An eight-year National Science Foundation-funded study of New Guinean rainforest plants and the insects that feed on them has yielded a new and dramatically lower estimate of the number of species on the planet.
The estimate, which lowers the number of species from approximately 31 million to between four and six million, is based on the finding that insects specialize their feeding not on individual species of plants, but on genera and even families of plants.
In "bringing some reality" to estimates of world biodiversity, the study allows scientists to get a better handle on how fast species are being lost, said University of Minnesota plant biologist George Weiblen, the principal plant expert on the research team. The work will be published in the April 25 issue of Nature.
It is important to know how fast biodiversity is being lost, but this is hard to gauge without a solid baseline, Weiblen said. Scientists advising governments on policies to curtail species losses must have credible estimates of species numbers if they are to shape appropriate policies.
The stakes are high because losses of too many species or certain kinds of species can cripple tropical forest ecosystems, which normally stabilize soil and climate, purify and recycle water, and produce food, medicine, building materials or other useful products, he said.
The current study took a cross-disciplinary approach; besides Weiblen, the principal scientists were insect expert and project coordinator Scott Miller of the Smithsonian Institution and insect community ecologists Yves Basset of the Smithsonian Tropical Research Institute in Panama and Voytech Novotny of the Czech Academy of Sciences.
The team compared insect communities feeding on 51 tropical plant species, most belonging to either the fig family, the mulberry family or the coffee family.
While previous work had also based estimates of total species on numbers of insects--the most species-rich class of animals known--scientists had assumed that each plant-eating insect species tended to feed on one or very few plant species. If true, the estimates of the number of herbivorous insects should be tied to the number of plant species.
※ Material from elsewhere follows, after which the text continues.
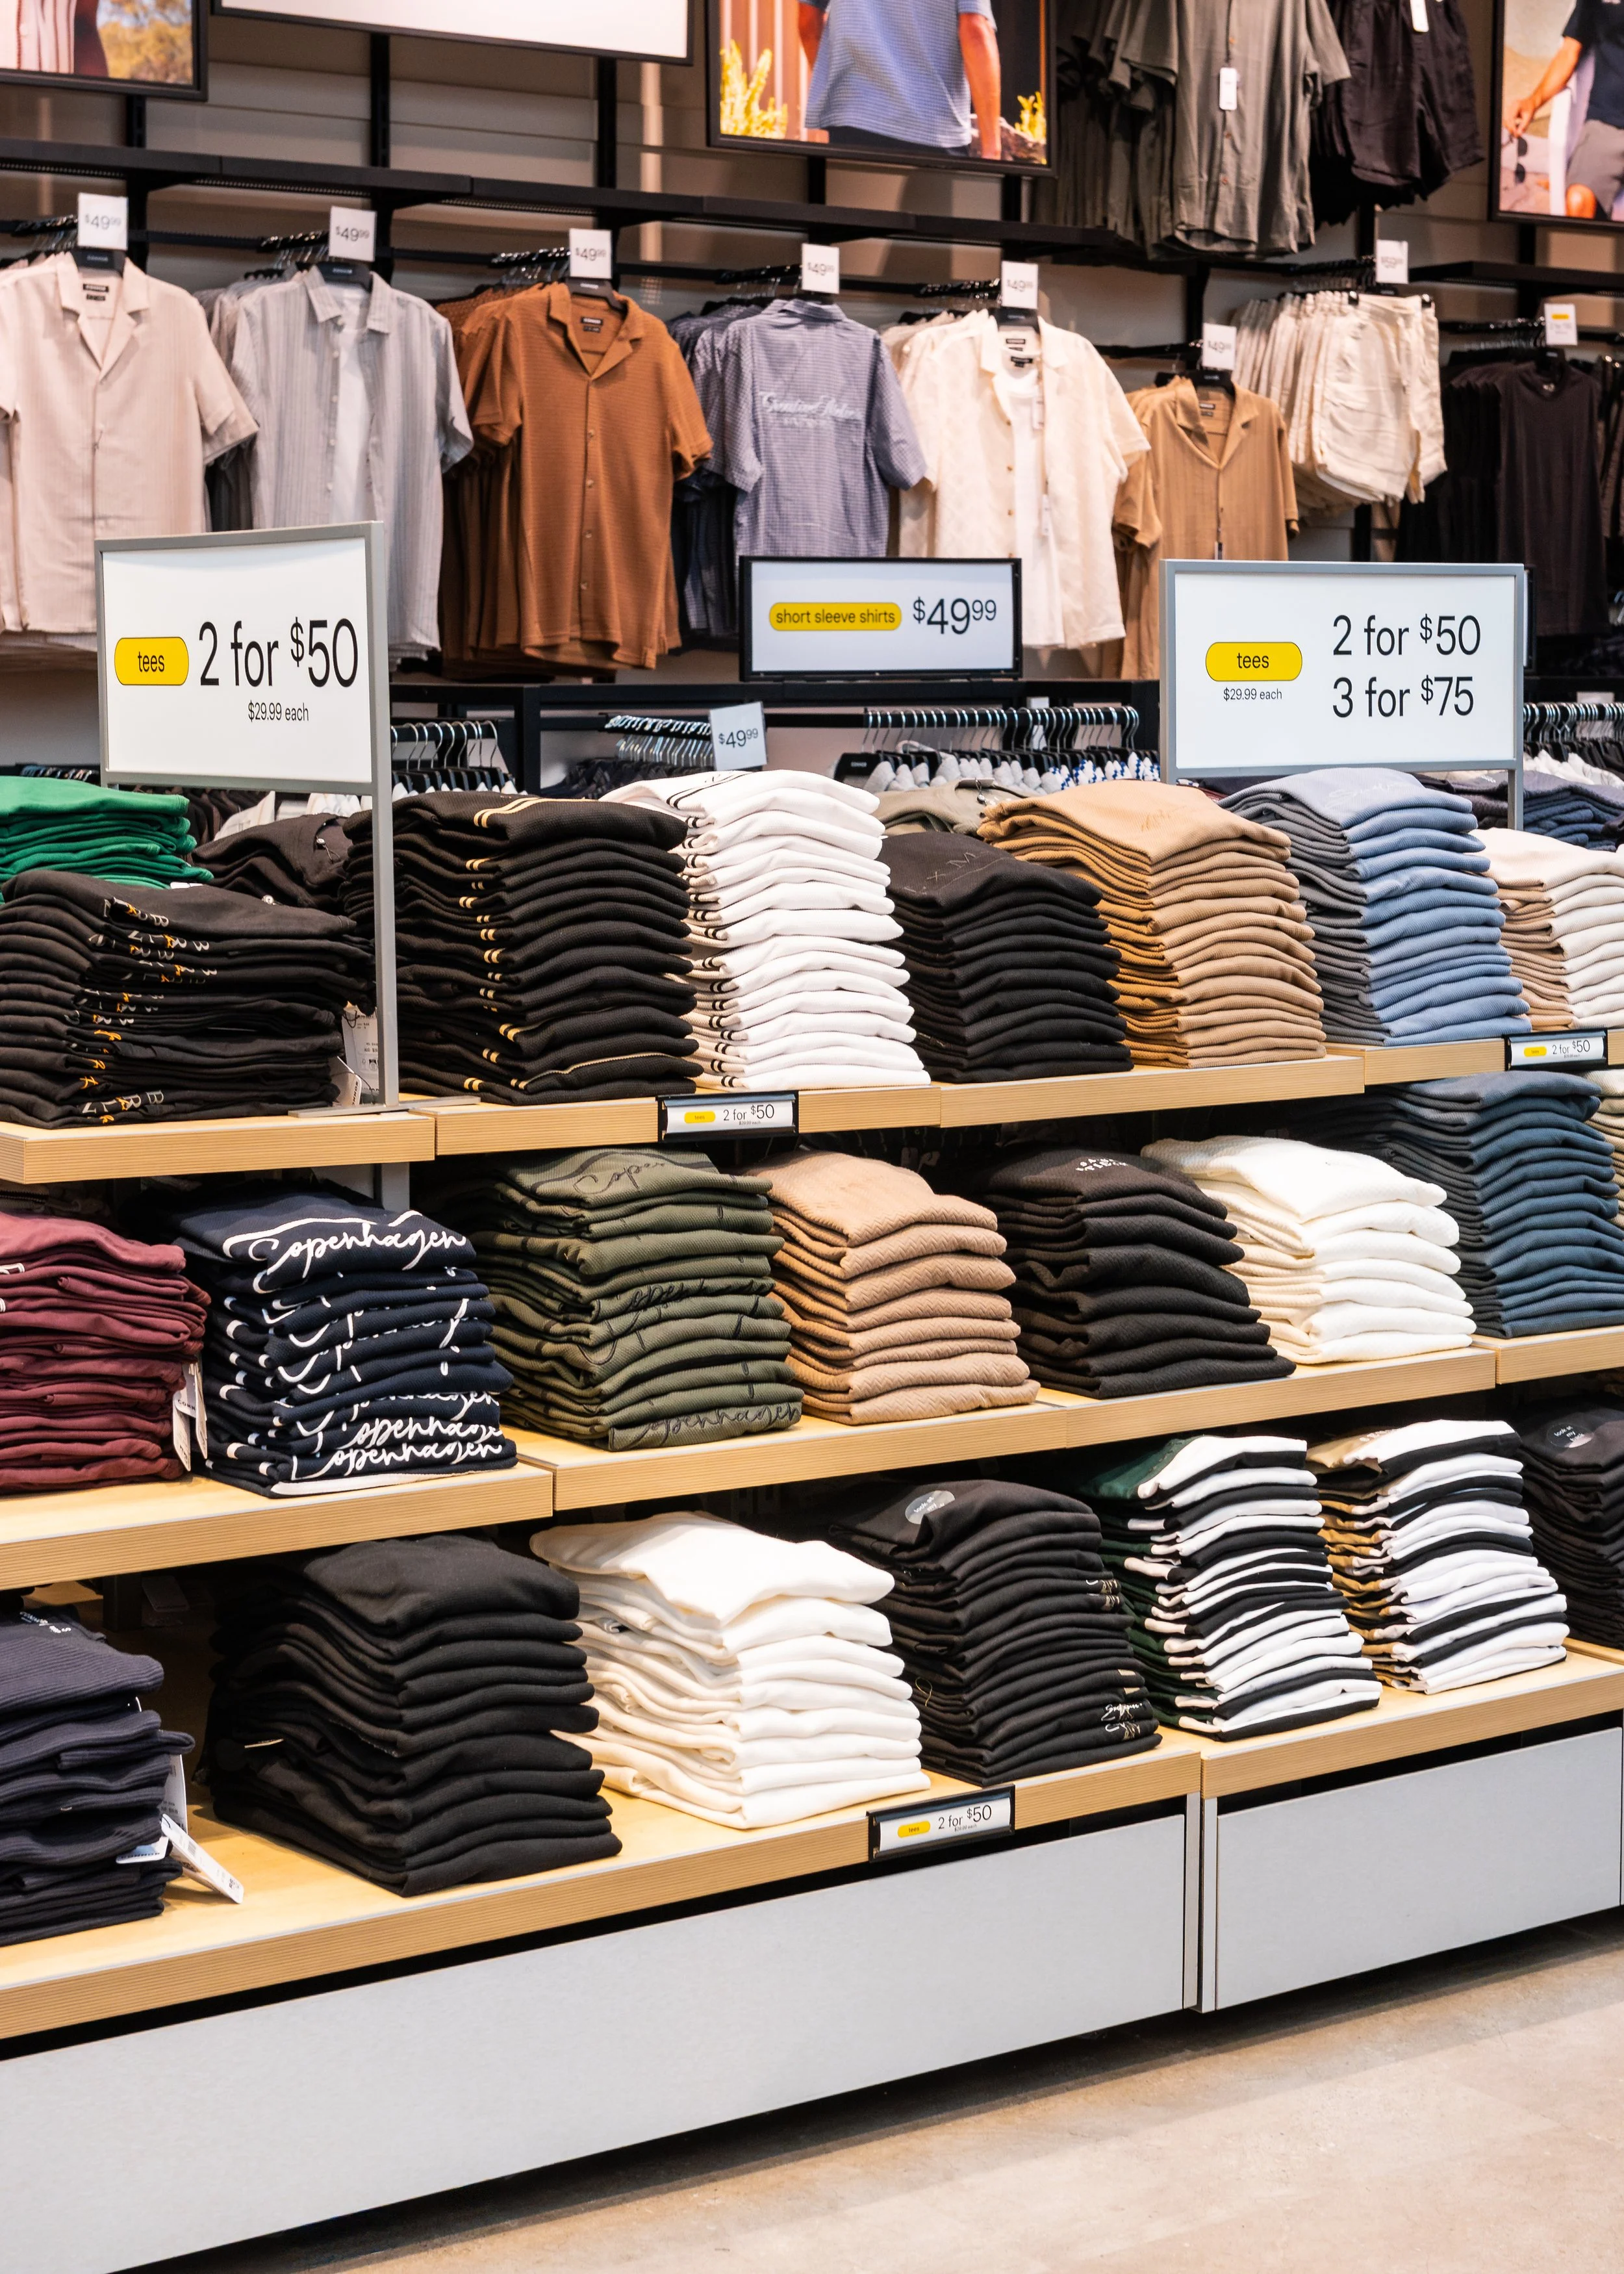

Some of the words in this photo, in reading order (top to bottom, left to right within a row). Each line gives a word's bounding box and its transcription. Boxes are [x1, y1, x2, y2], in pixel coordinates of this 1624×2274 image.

"Instead, most insects turn out to be specialized not to plant species, but rather to a genus [grouping of species] or family [grouping of genera] of plants," Weiblen said.
"Fewer effective plant 'hosts' means fewer herbivores. Where people had assumed that different insects' food sources overlapped very little, we found that many insects share their food plants with other insect species. There are actually few extreme specialists among tropical insect herbivores."
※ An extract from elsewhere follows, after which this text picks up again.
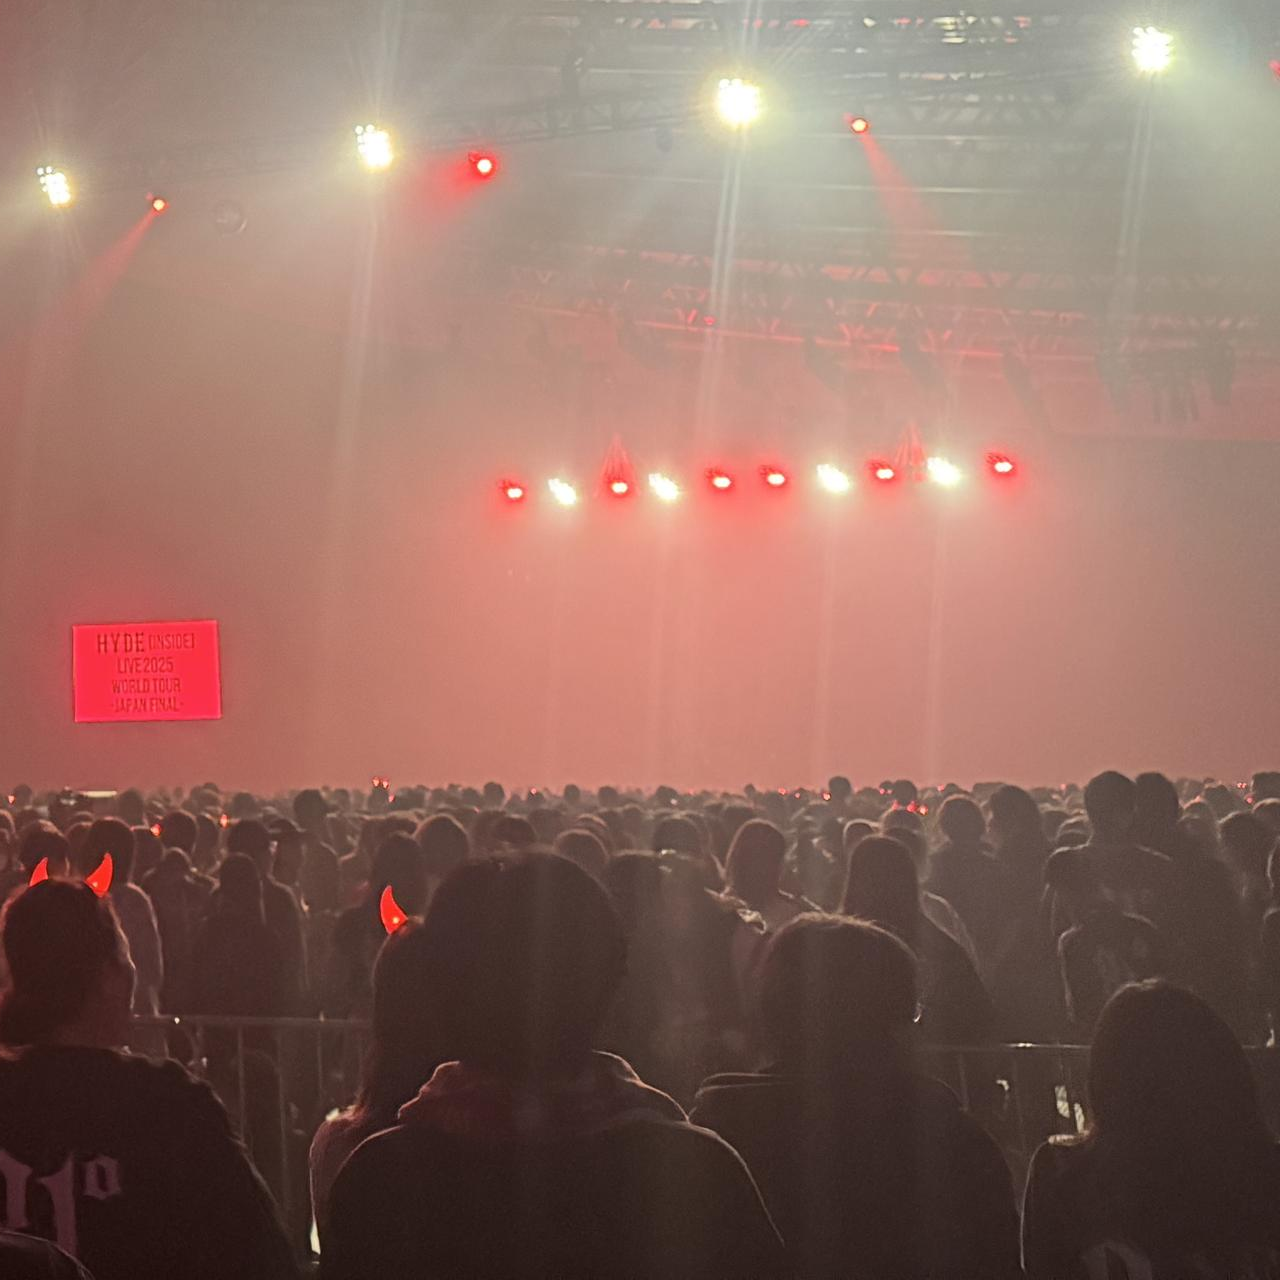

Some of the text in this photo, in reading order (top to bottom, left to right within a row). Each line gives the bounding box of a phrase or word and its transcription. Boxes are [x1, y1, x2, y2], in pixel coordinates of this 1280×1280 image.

New Guinea's species diversity made the island an ideal laboratory for the study. Its tropical forests are about the same area as Texas but contain five percent of the world's biodiversity, Weiblen said. The island has 12,000 species of plants; in comparison, Weiblen's home state of Minnesota has only about 1200 species.
The work began in 1994 with studies of the insects eating 15 species of figs--Weiblen's area of specialty--that co-occur in the rainforest. The study then expanded to include the mulberry family, which is related to figs, then members of the coffee family and more distantly related plants. The team used DNA sequences to sort out the evolutionary relationships between plants and looked at how insect species were distributed on them.
They found that the tropical forest plant community was dominated by clusters of closely related plant species and that insects tend to feed on multiple close relatives in a given plant genus or family. Because the number of insect species was tied to broader--and therefore less numerous--categories of plants, estimates of their numbers had to be diminished, Weiblen said.
Once the estimate of herbivorous insects had been made, the researchers plugged that number into equations to estimate the total number of species in the world. Such equations take into account the proportion of insects that are herbivorous, the proportion of all species that are insects or other members of the arthropod group, the proportion of all plant species that are found in New Guinea, and other factors.
Depending on whether insects as a whole follow the pattern of beetles, whose food preferences are quite broad, or moths and butterflies, which are more particular, they estimated that the world contains a total of between about 4.8 million and 6 million species.
"Our estimates bring some reality to predictions about declining biodiversity in the sense that the consequences for insect herbivores of losing a particular host plant species may not be as dire as previously thought," Weiblen said.
"But that is no reason to ignore the decreasing number of species worldwide. [Harvard biologist] E.O. Wilson predicted in his book 'The Future of Life' that half of all species will suffer extinction in 50 years if current land use patterns continue. Because the consequences are so severe, we've got to refine our predictions and conserve as many species as possible."